28/07/2020
La vie liquide, mode d'emploi
"Nul ne sait de quoi l'avenir sera fait" dit l'adage qui prend une dimension paroxystique avec la crise sanitaire. Au moment où Macron déterre le Commissariat au Plan pour le pays, plus personne n'est capable de planifier sa propre vie ou la destinée de son entreprise avec certitude pour les 8 prochains jours.
Essayez de calculer le nombre de fois où les consignes sanitaires ont changé, ne serait-ce que depuis trois mois que nous sommes déconfinés. Ouvert, fermé, ouvre la frontière, ferme la frontière, ouvre le bar, ferme le bar... Avant l'âge adulte, on dresse les chiens avec des injonctions contradictoires, on fait de même avec nous tant que nous n'avons pas, collectivement, pris le pli de mesures sanitaires élémentaires.
Qu'on le veuille ou non, il faut vivre avec cette incertitude permanente et continue. Personnelle comme professionnelle. Accepter de ne pas pouvoir planifier des vacances six mois avant avec l'assurance de pouvoir se rendre dans ce lieu ; de renoncer à une formation par incapacité de réunir dix personnes dans une salle ; d'enterrer tel séminaire, telle réunion majeure.... D'oublier cette fête de mariage où, enfin, ami.e.s et familles des deux côtés étaient réunies en un même lieu.

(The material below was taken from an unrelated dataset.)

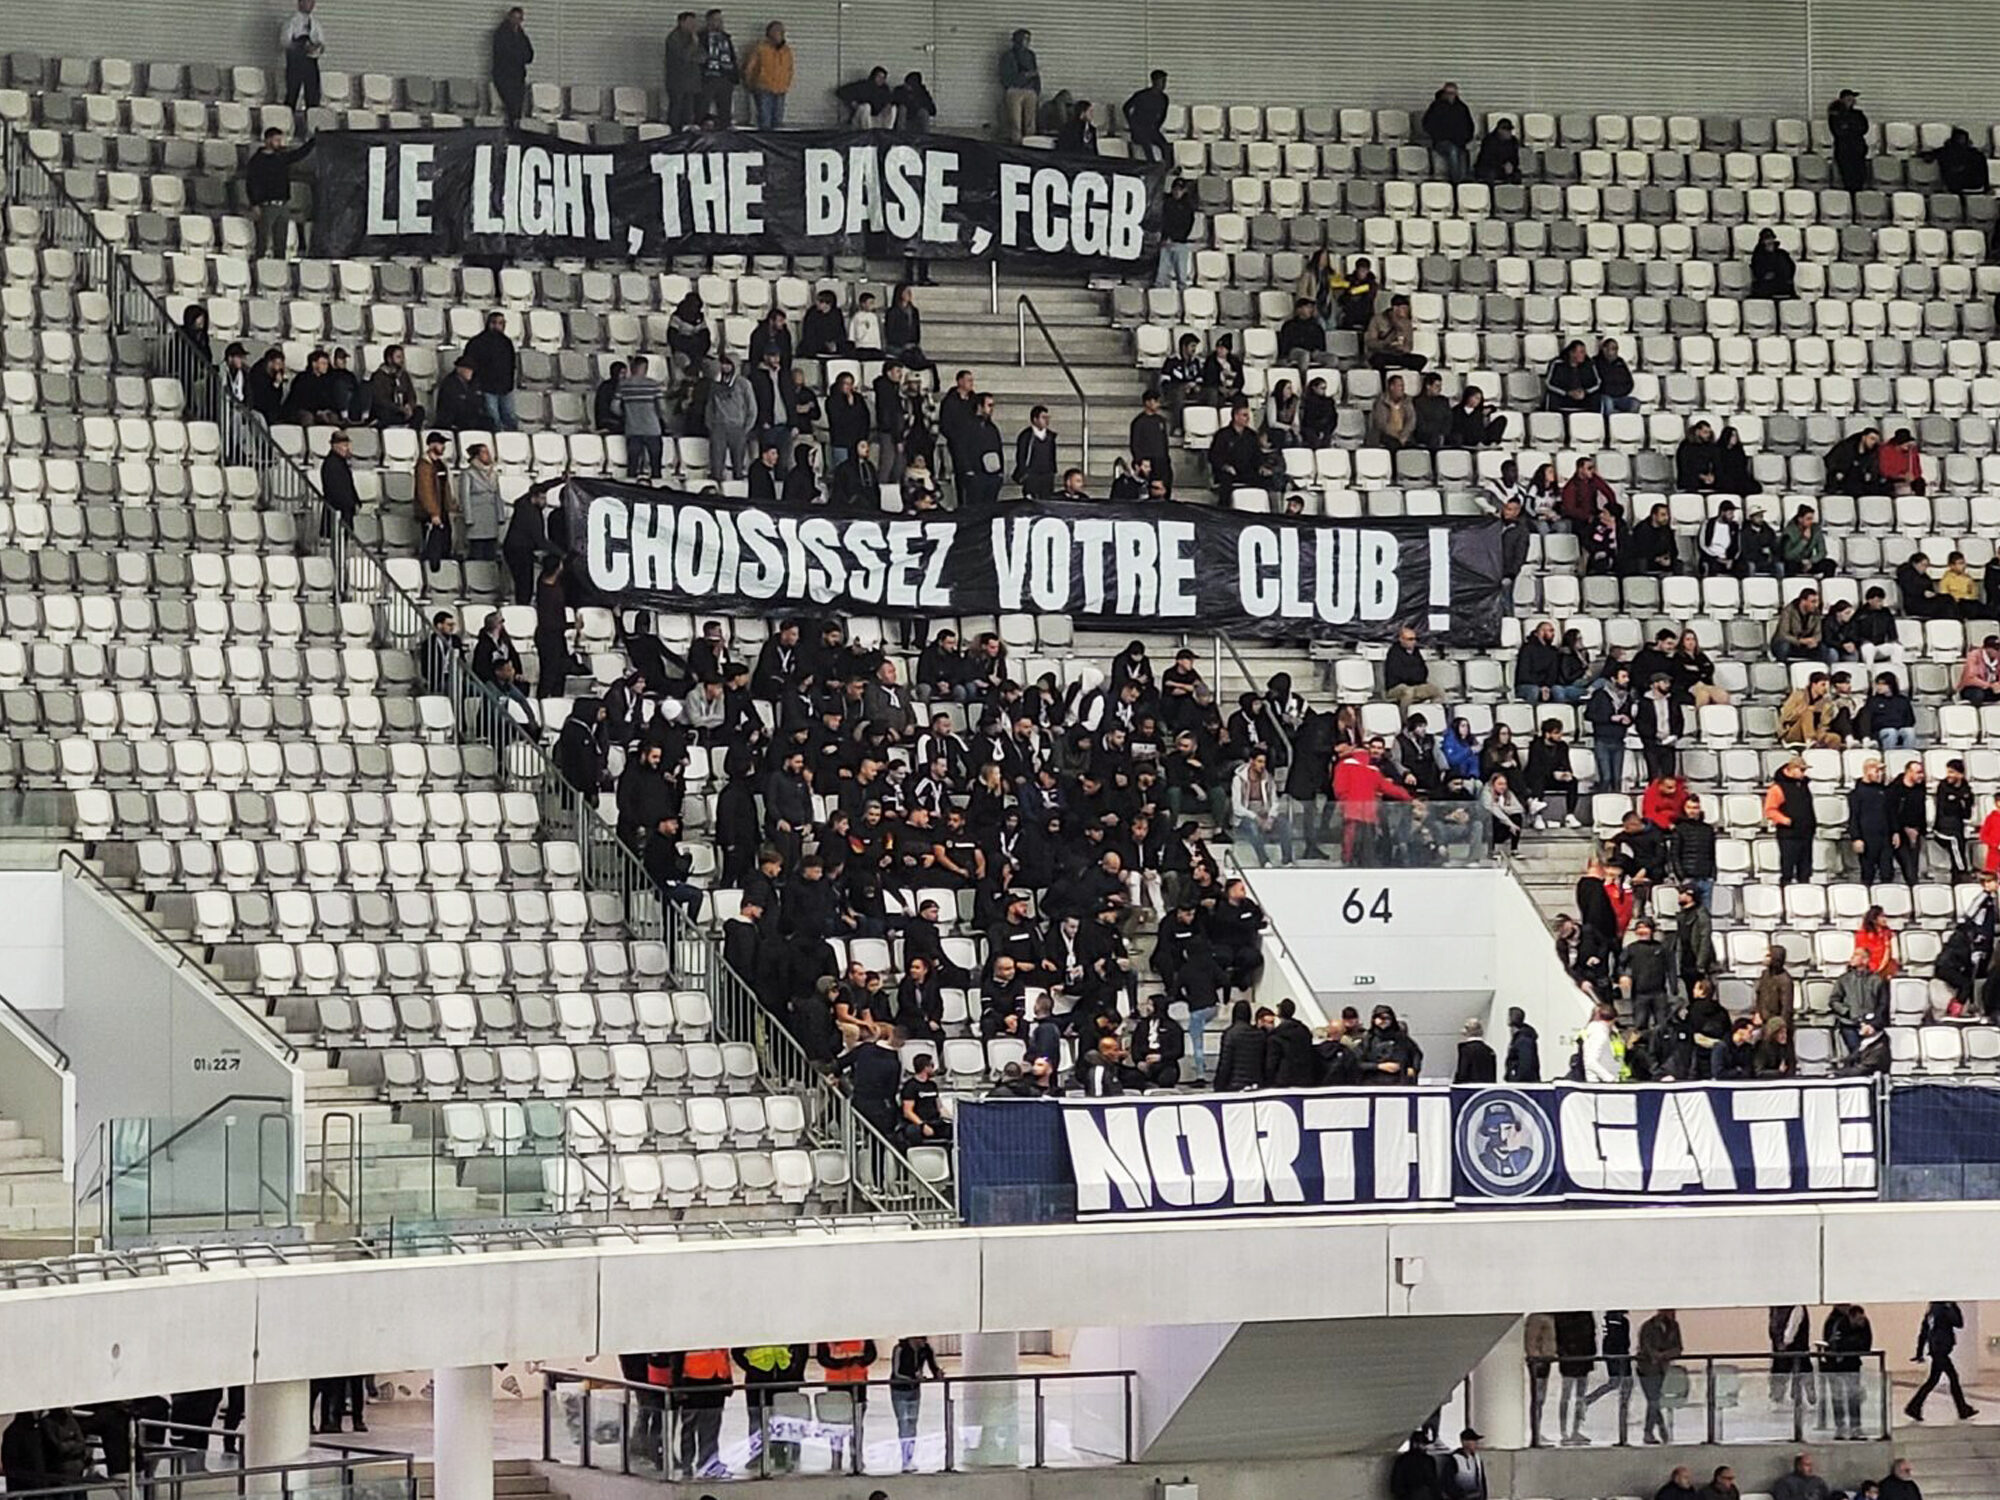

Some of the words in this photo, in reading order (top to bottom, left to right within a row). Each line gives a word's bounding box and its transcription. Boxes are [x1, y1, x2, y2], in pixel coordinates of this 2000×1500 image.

En septembre, les 900 000 profs ne savent pas encore s'ils seront en permanence devant des écrans ou dans une salle devant les élèves ou encore un mix des deux. Les millions de soignant.e.s se demandent quelle sera la hauteur de la prochaine vague (pour l'heure, le nombre d'hospitalisations et de patients en réanimation est toujours en baisse constante, malgré la hausse des contaminations) sans savoir s'ils pourront poser des congés. Quid de celles et ceux qui attendent un enfant ? Qui voulaient déménager, changer de poste, d'entreprise, de région ? Quid de celles et ceux oeuvrant dans des secteurs sinistrés (tourisme, culture, événementiel, sport business....) pour qui on allume et éteint l'interrupteur en disant "allez y ! Non restez") ? Beaucoup de gens mettent en pause, reportent, délayent et ces ascenseurs émotionnels ne se supportent qu'avec un cocktail whisky prozac...

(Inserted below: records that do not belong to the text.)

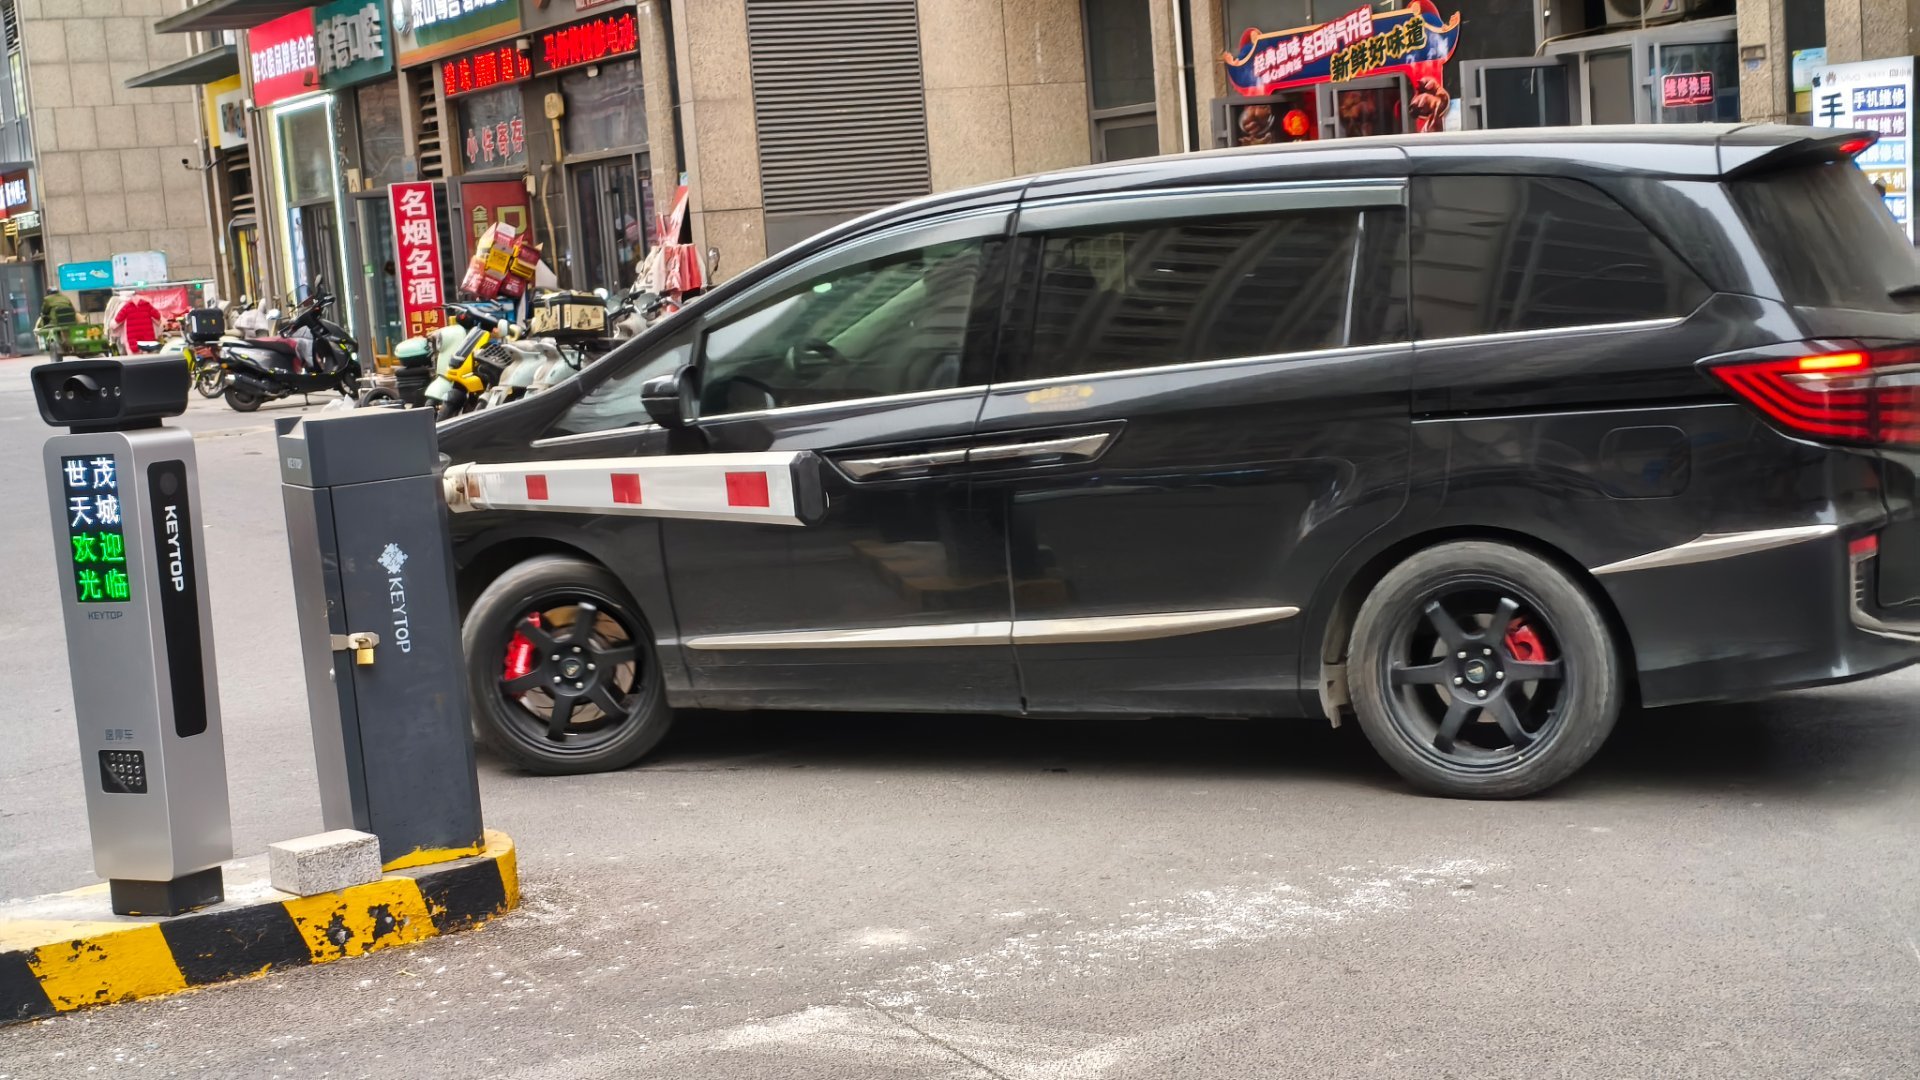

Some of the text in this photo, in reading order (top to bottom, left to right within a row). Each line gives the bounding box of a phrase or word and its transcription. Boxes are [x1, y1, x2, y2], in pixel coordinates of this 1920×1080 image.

[1331, 18, 1426, 82] 新鲜好味道
[1665, 76, 1711, 98] 维修换屏
[1854, 87, 1905, 109] 手机维修
[466, 115, 525, 163] 小件寄存
[399, 188, 438, 305] 名烟名酒
[64, 457, 117, 489] 世茂
[69, 494, 121, 528] 天城
[72, 532, 125, 563] 欢迎
[164, 505, 185, 592] KEYTOP
[79, 568, 129, 601] 光临
[88, 611, 123, 621] KEYTOP
[389, 577, 411, 653] KEYTOP

Pendant le confinement, l'expression "la vie dégradée" était revenue régulièrement pour désigner ces réunions à distance subies, ces déplacements repoussés, empêchés, ces magasins mal achalandés et ouverts à horaires restreints... Nous sommes désormais tous dans ce que Zygmunt Bauman appelait "la vie liquide", les repères fondamentaux solides (CDI, couple, religion, logement...) changeant de plus en plus souvent. Comme dans les start-up, on pivote, on s'adapte, on change de projet... Dans ce règne de l'éphémère, certain.e.s s'en sortent bien, mais 9 start-up sur 10 disparaissent en moins d'un an, et pour ces 9 neufs là, les lendemains ne sont pas roses.

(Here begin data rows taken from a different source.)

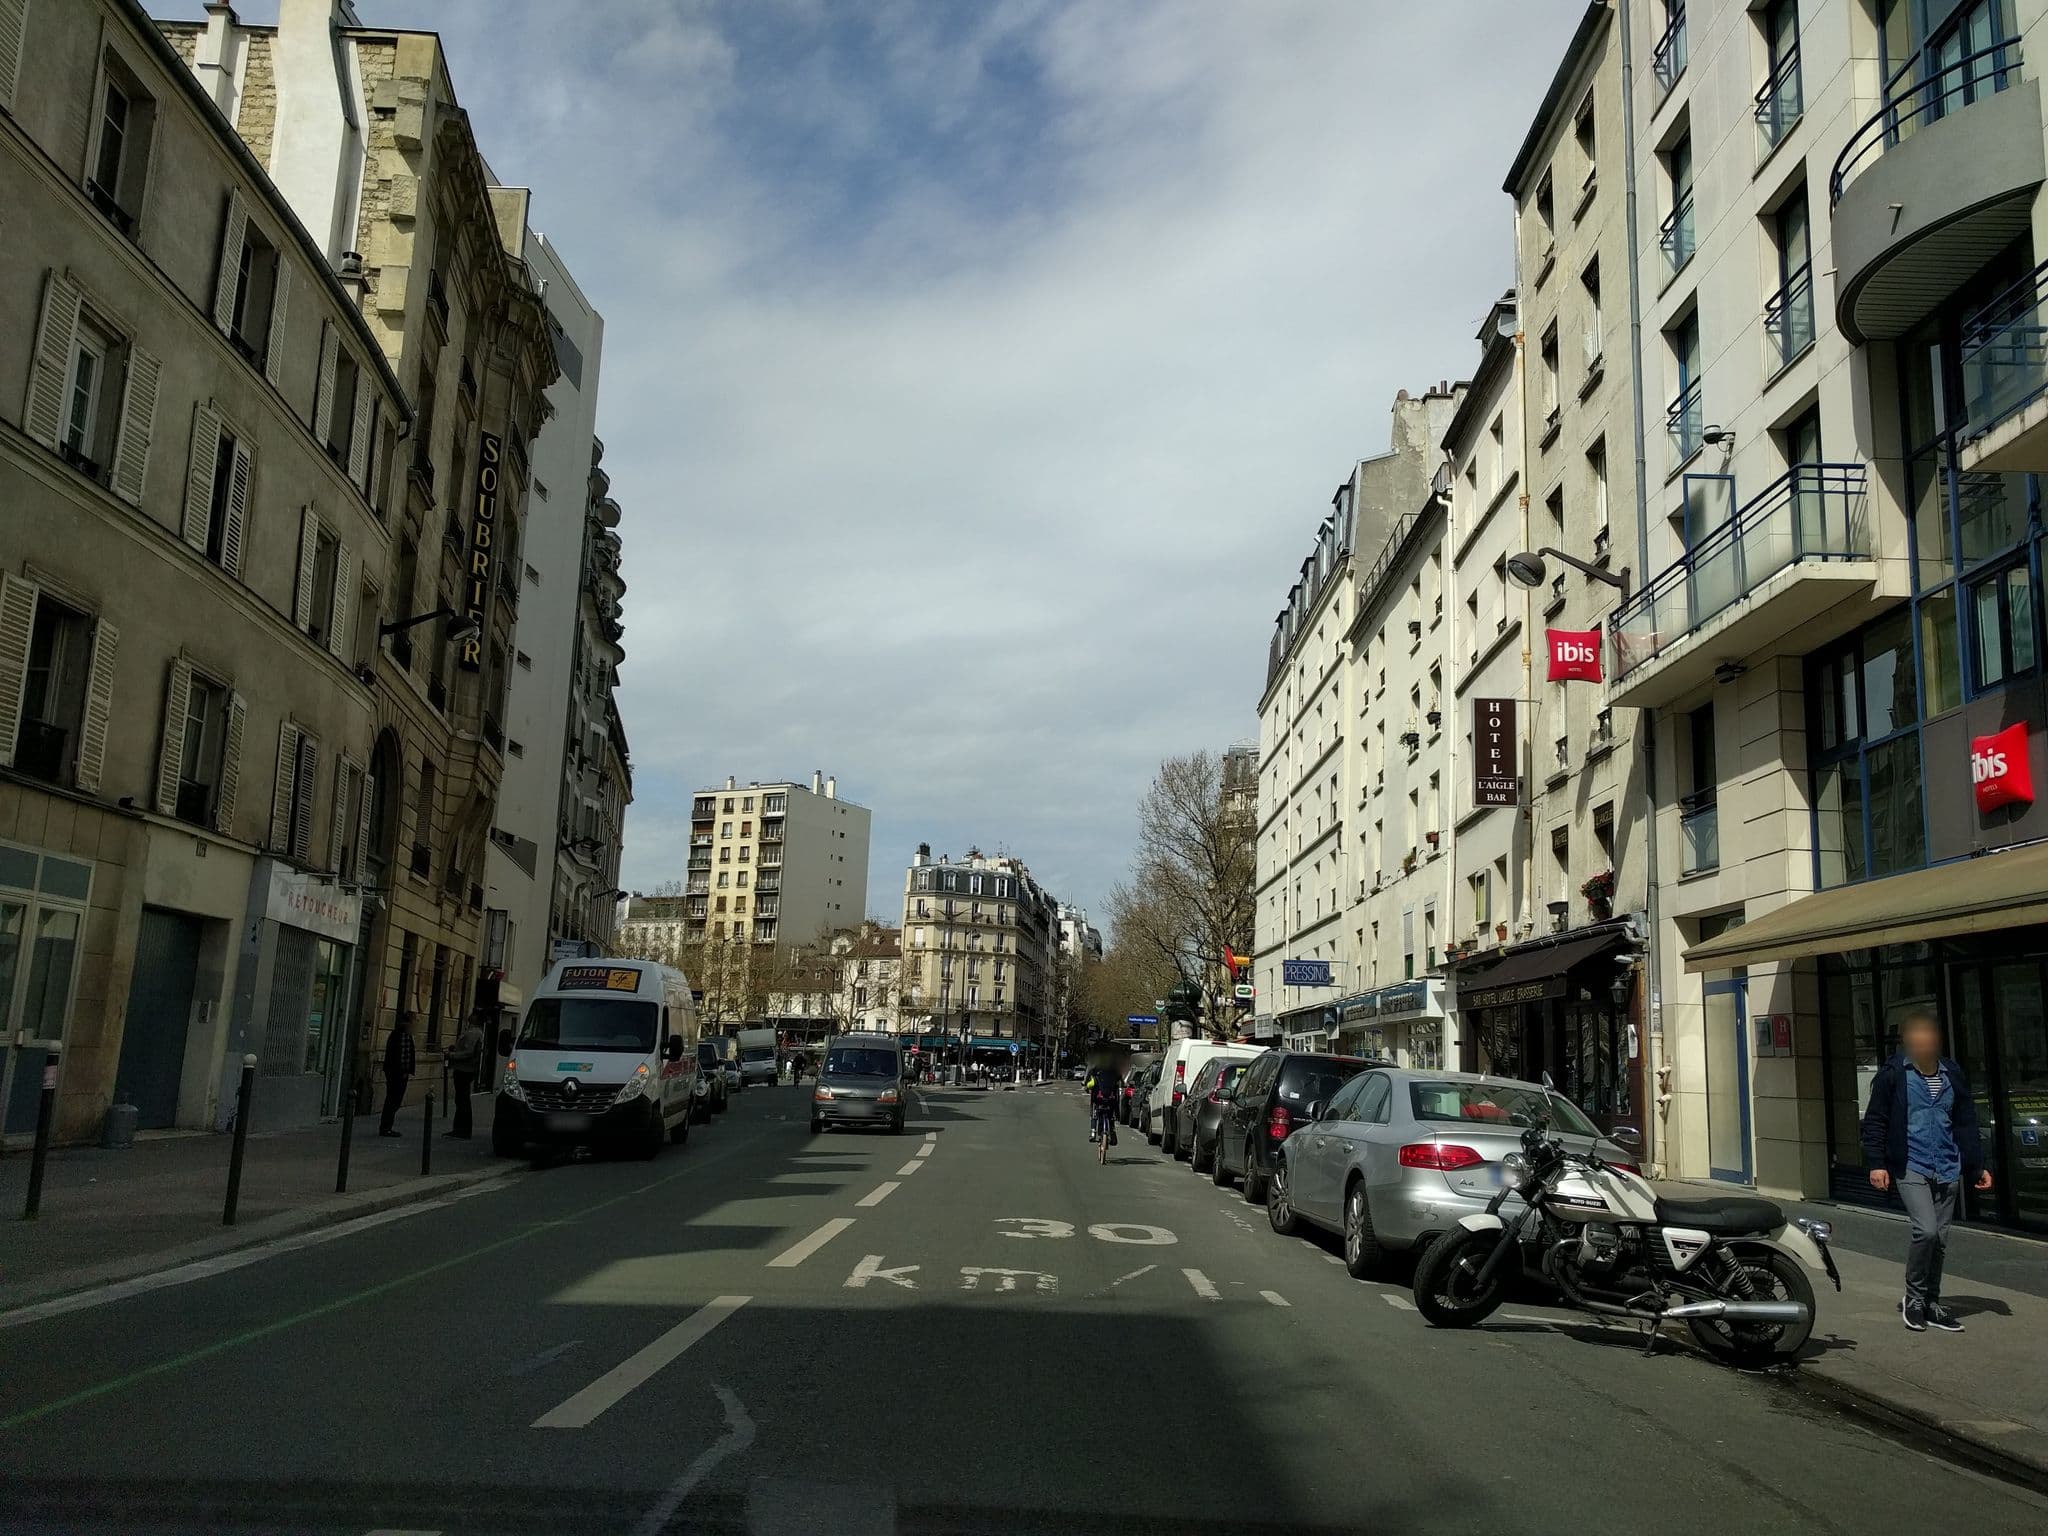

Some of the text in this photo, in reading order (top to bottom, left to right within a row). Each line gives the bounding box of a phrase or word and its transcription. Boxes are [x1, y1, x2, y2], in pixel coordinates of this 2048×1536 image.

[1557, 642, 1595, 663] ibis
[1489, 702, 1502, 774] HOTEL
[1971, 747, 2008, 784] ibis
[1478, 781, 1515, 790] L'AIGLE
[1486, 793, 1507, 801] BAR
[287, 891, 349, 922] RETOUCHEUR
[565, 968, 606, 977] FUTON
[1285, 965, 1329, 981] PRESSING
[1459, 1178, 1475, 1187] A4
[993, 1217, 1178, 1245] 30

Les seuls qui peuvent jouer le contrepoids solide, donner des garanties sur l'emploi avec des plans de relance (pas en sauvant des entreprises déjà existantes comme il le fait, mais en décrétant des plans de rénovation, de recyclage, de réparation, de reconditionnement, des grands travaux sans nouveaux travaux, en somme), avec des garanties intangibles sur les logements, les transports, sur l'école en présence, sur les gardes d'enfants à minima... les seuls, ce sont les acteurs publics. Eu égard aux inégalités de circulation du virus, les acteurs publics locaux. Entre la folie centralisatrice à l'oeuvre qui ne donnent rien aux acteurs locaux et le peu de foi dans le rôle planificateur de la puissance publique de ce gouvernement, nous voilà bien... Face à la vie liquide, on peut nager ou se noyer, hein.